Some time passed and after her parents separated, her father one day told her mother that she had sex, “and told her, ‘you don’t what else she must be doing, she must be whoring down in the school.’”
Her mom confronted her and when she told her the truth she did not give her a hearing.
“It was then I remembered that she had told me how my father didn’t want me and how he wanted her to do an abortion. And right then I felt like she didn’t want me because she was not listening to me, even though I asked her to forgive me… she just walked up the stairs crying and I am calling her…”
She then decided to end it all to stop the pain and she took a bottle of kerosene, went into the backyard and doused her body.
Aba said she felt no pain, but her mother rushed to her assistance and started to scream and called for her brother who rolled her in the sand.
“But at that point I was accepting that I was going to die. I was fully prepared to leave this world. I felt nothing. I felt numb and blank that day and my mother was watching me and crying and slapping me and telling me not to close my eyes.”
She was rushed to the hospital and while her family was prepared to say that she had an accident, Aba she said related that she wanted to end her life. She remembered that her father turned up and even though he had abused her for most of her life, it was still unbelievable that “he did not even shed a tear.”
She spent five months in the hospital and even as she underwent operations as the doctors attempted to fix the scars, she also underwent intense counselling; many nights she could not sleep.
While still in school, Aba became associated with Childlink and while she was being taught about various forms of abuse, she never shared her abusive living situation. Following her suicide attempt, she was counselled by someone from the organisation and is now a proud board member.
She remembers seeing many persons in the Burn Care Unit who were suffering not just from their physical injuries but the pain on the inside was worse and sometimes the treatment was good and at times it was not.
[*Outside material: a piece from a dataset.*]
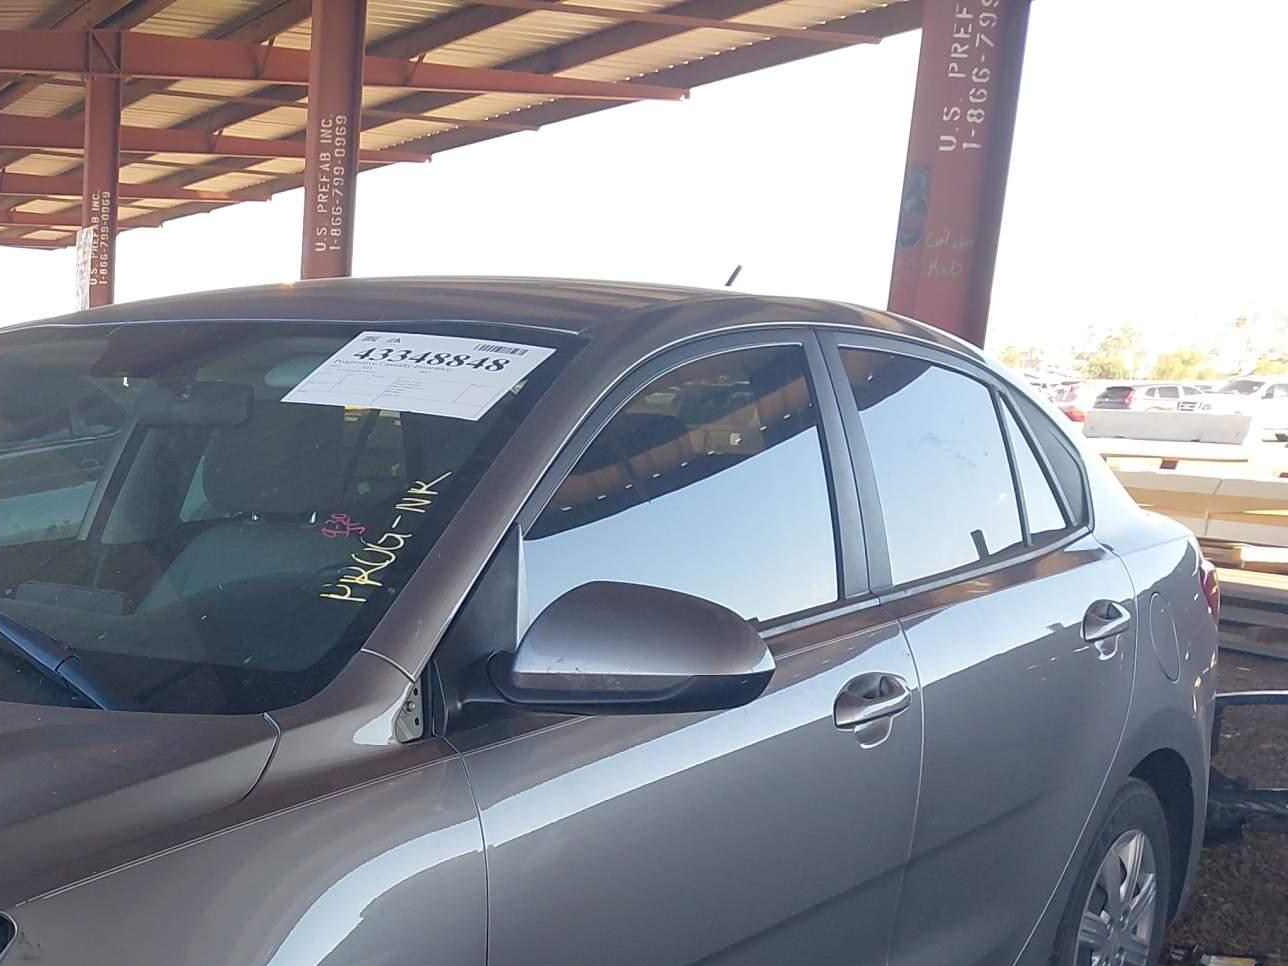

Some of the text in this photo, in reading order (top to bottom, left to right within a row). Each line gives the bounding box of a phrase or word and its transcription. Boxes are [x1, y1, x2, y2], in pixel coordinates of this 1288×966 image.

“I met so many persons who attempted suicide as well and they had so much pain. I believe with me being burnt and becoming a nurse I can help people more and when they want to give up I can tell them I got burnt too and I got infected two times… So when I see my patients and they say ‘I want to die or give up’ I can tell them I thought the same thing too but here I am.”
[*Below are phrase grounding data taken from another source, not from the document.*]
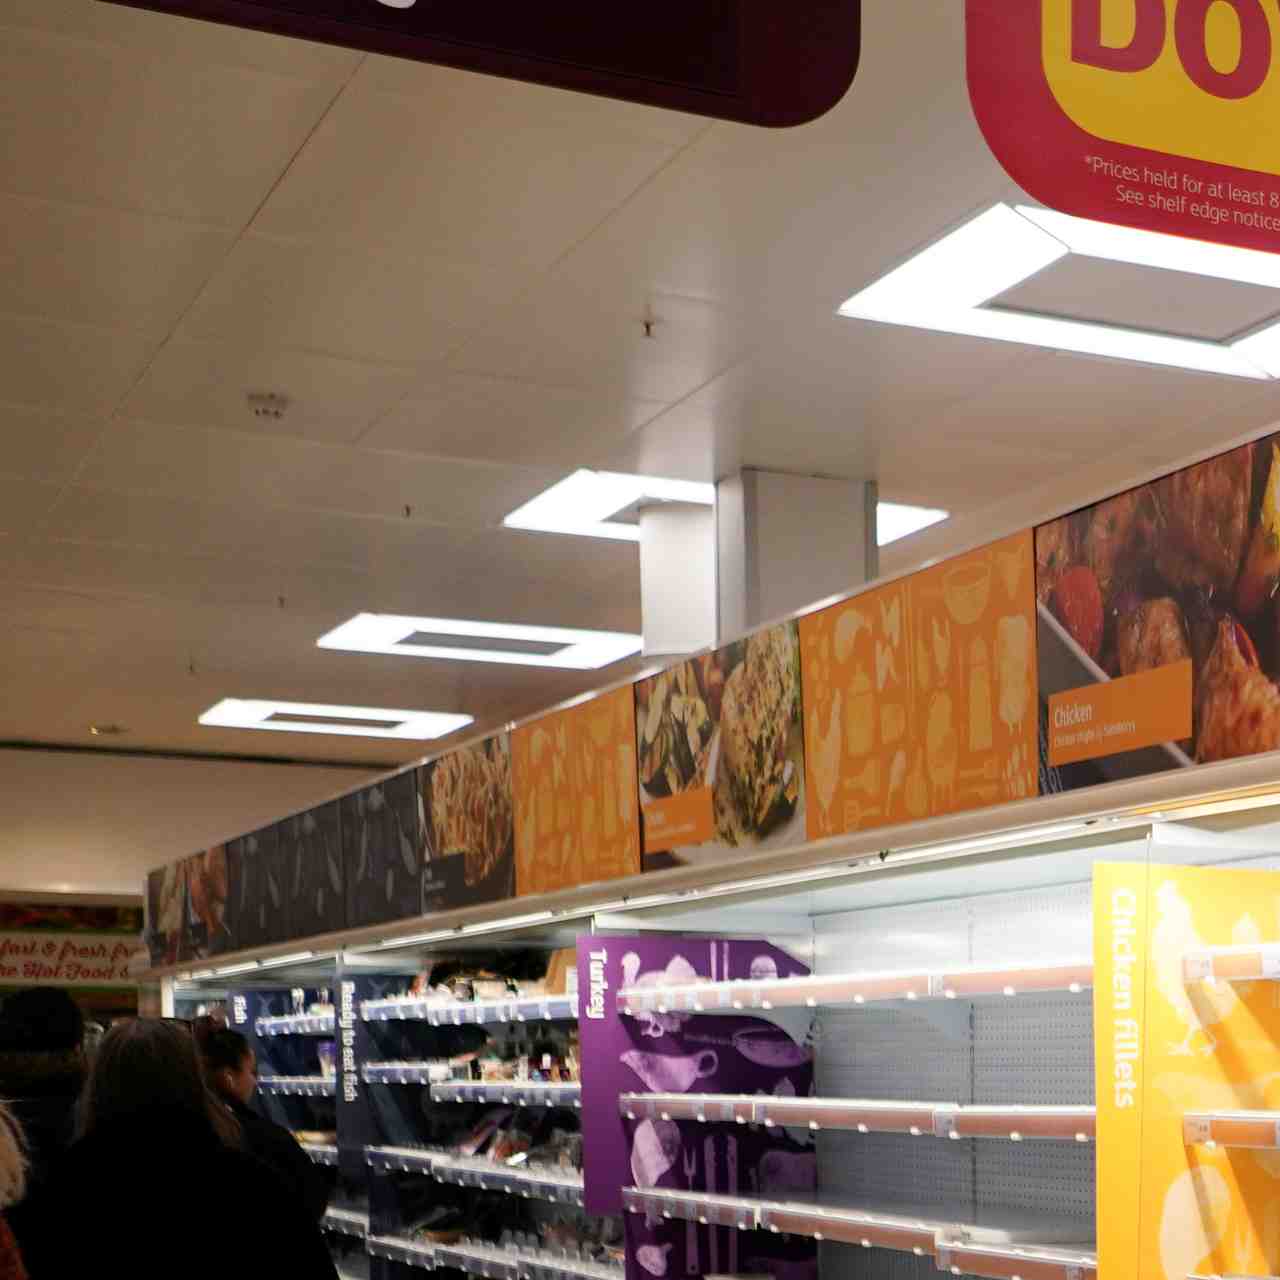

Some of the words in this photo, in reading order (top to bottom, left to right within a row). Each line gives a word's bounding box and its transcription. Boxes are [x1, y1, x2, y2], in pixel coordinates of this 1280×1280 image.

[1116, 185, 1144, 206] See
[1148, 192, 1185, 213] shelf
[1190, 201, 1229, 224] edge
[1144, 167, 1177, 190] held
[1182, 174, 1203, 193] for
[1207, 185, 1223, 199] at
[1228, 183, 1265, 206] least
[1270, 192, 1280, 208] 8
[1054, 702, 1093, 728] Chicken
[1112, 888, 1137, 1009] Chicken
[586, 948, 608, 1019] Turkey
[1113, 1018, 1138, 1109] fillets
Her father has never hit her since her suicide attempt but she has “learnt that nothing is going to be acceptable to my father.”
Still fearful
Even today, Aba still believes her mother fears her father, though she does not acknowledge it and she still speaks to him. She has also become fearful of her now 20-year-old son.
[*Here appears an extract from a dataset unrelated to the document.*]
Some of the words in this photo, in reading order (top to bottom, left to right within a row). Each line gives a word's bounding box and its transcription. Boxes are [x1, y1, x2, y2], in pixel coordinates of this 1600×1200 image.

“I can see it in her that she is afraid of both parties now,” she said.
“I love my mom, she was the only person who came to see every day when I was in the hospital. She was the only face I saw every day. Out of my five months in hospital my father only came six times.
“I think when I was burnt it was an eye opener and we are closer now, but there are still moments…”
Aba said she forgave her brother, but there is always that thought that he, like her father, is just waiting for that moment to hit her. She has told her father if he ever hit her again she would report him. He still calls her names at times, but she hopes that one day he would stop.